------ SUPPLIED RECORDS
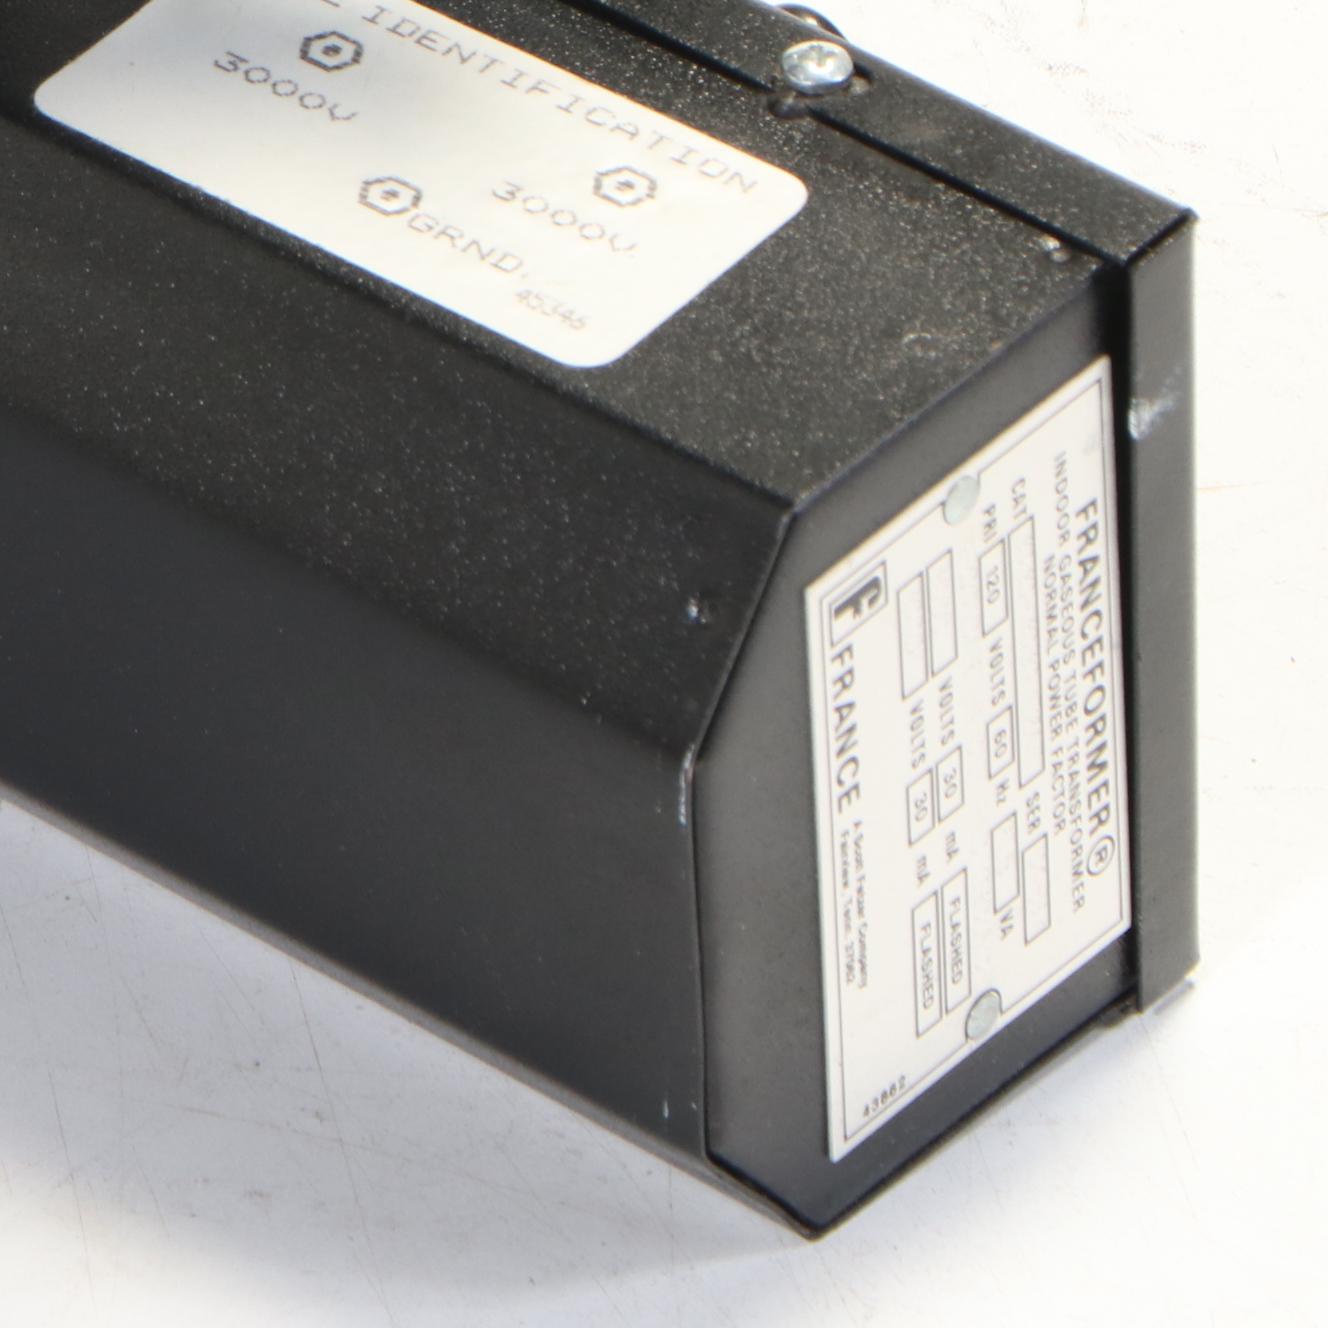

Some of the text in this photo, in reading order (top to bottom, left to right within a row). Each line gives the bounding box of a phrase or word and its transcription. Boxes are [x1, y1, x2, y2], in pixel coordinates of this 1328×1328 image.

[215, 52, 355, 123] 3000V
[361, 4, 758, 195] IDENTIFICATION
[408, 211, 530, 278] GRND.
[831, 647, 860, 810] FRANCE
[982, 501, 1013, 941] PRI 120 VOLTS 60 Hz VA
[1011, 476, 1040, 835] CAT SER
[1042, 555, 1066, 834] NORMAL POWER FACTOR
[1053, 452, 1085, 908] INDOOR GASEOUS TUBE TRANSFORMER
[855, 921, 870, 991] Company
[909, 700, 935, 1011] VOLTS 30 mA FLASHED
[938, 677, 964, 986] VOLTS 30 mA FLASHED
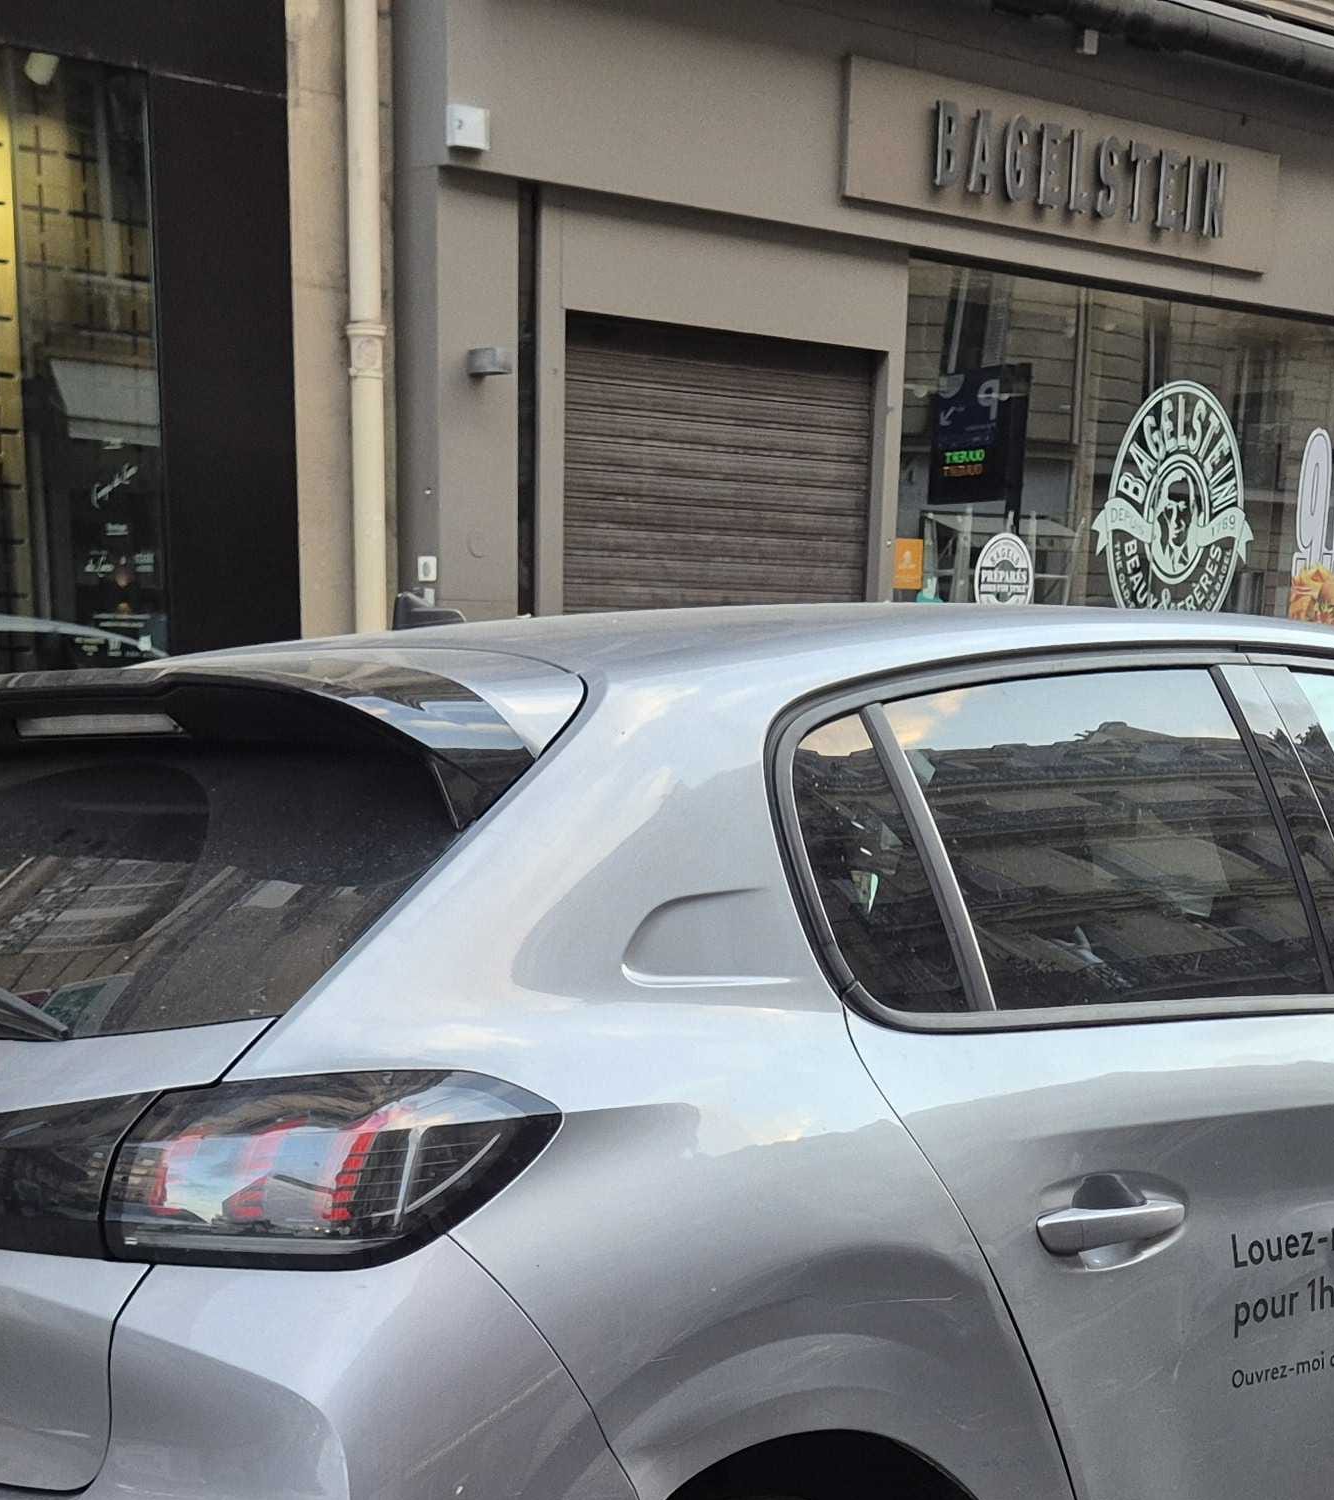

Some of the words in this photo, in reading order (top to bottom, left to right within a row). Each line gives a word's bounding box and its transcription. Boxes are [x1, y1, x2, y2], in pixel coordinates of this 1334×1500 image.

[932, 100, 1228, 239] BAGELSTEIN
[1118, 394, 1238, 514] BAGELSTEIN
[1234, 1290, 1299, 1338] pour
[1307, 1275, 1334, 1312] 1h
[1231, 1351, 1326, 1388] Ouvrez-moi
------------
▶ [REQUIRED ACTION] Return, word for word, each line from the one that contains "Some of the words" through the end of the listing above.

▶ [TASK SOLUTION]
Some of the words in this photo, in reading order (top to bottom, left to right within a row). Each line gives a word's bounding box and its transcription. Boxes are [x1, y1, x2, y2], in pixel coordinates of this 1334×1500 image.

[932, 100, 1228, 239] BAGELSTEIN
[1118, 394, 1238, 514] BAGELSTEIN
[1234, 1290, 1299, 1338] pour
[1307, 1275, 1334, 1312] 1h
[1231, 1351, 1326, 1388] Ouvrez-moi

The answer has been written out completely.